Tai cleared his throat. "It appears, if Sima Zian is correct, and my Kanlin, that they may have encountered a spirit-world creature. I have no better explanation. We are told they are alive."
"I will return and watch over them myself," Song said, "and tell them when they wake that their lady is home and well."
"They won't believe you if I'm not here," Xu Liang said.
"I'm a Kanlin," said Song simply. "We do not lie. They will know that, if others, less experienced, do not."
The poet, Tai thought, looked ridiculously pleased by all of this.
Liang, he realized, was looking at him again, ignoring the other woman. Tai didn't entirely mind that. He was briefly tempted by the notion of agreeing with Zian, summoning music and wine.
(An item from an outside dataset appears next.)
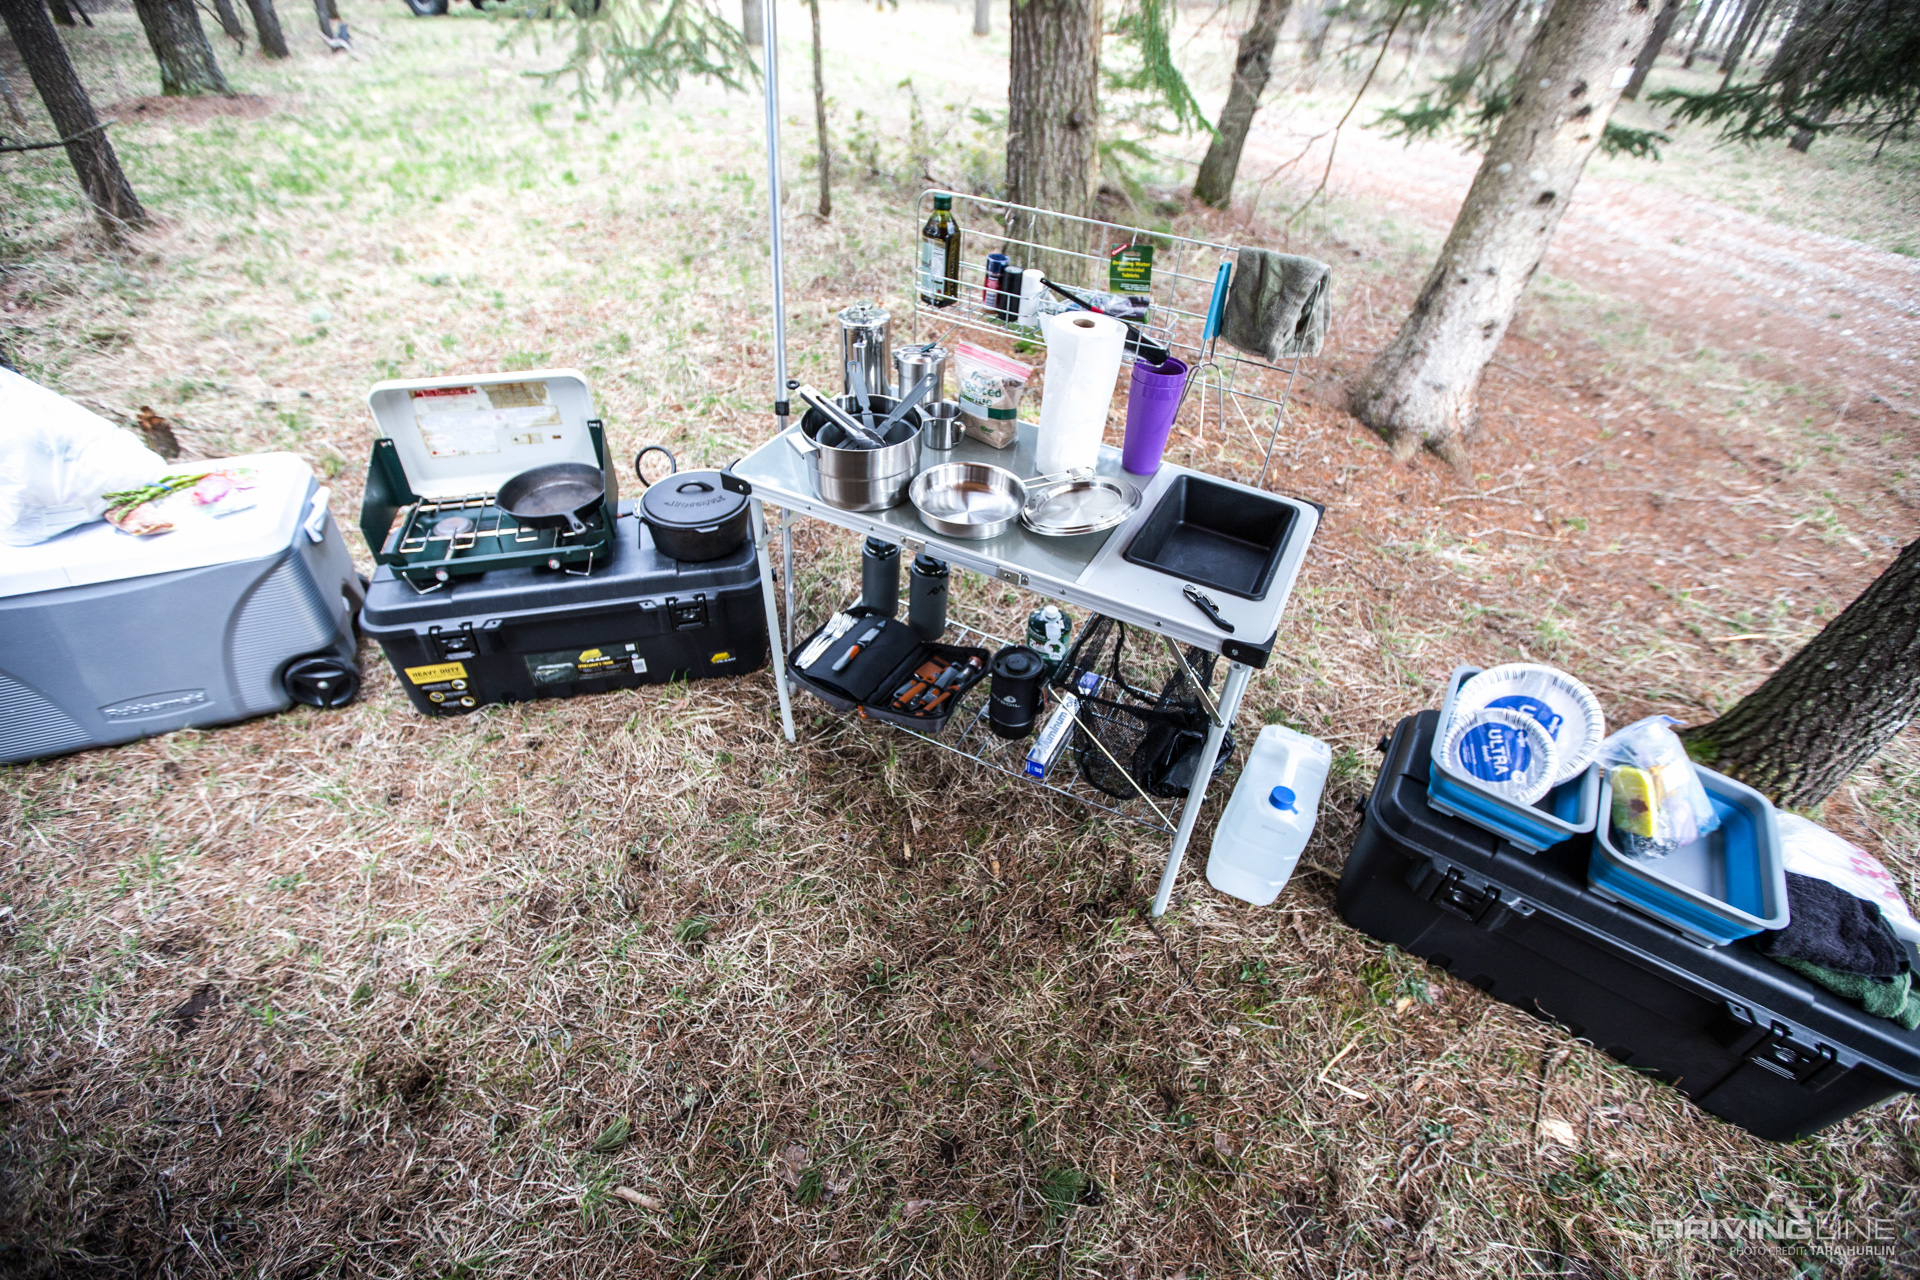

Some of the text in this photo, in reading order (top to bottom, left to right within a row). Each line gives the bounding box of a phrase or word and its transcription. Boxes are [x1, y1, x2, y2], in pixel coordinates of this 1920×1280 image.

But not really. His sister was a long way north, beyond the Wall by now. And tonight, here in Chenyao, men had--
"I did say earlier," Xu Liang murmured, eyes demurely downcast, "that my father had sent me. You have not asked why."
Indeed. Well, he'd had what seemed a good notion why.
"My apologies." He bowed. "Is it permitted for your servant to ask now?"
She nodded. "It is. My father wished to advise you privately that those two men, when encouraged to discuss their adventurism tonight, suggested only one name of possible significance before they each succumbed, sadly, to the exacting nature of the conversation."
She looked meaningfully at the poet, and then at Song on the porch. Tai understood. "One is my guard," he said. "The other my companion."
Liang inclined her head. She said, "The assassins were bandits from the woods south of here. The man they named lives in Chenyao. He, in turn, when invited for a conversation, was kind enough to offer another name--from Xinan--before lamentably expiring."
Tai was listening very closely. "I see. And that other name is?"
She was crisp, efficient. She said, "Xin Lun--a civil servant at court, we understand--was the name given. My honoured father offers his deepest regret that he was unable to be of greater assistance, but dares to hope this will be of some use to Master Shen."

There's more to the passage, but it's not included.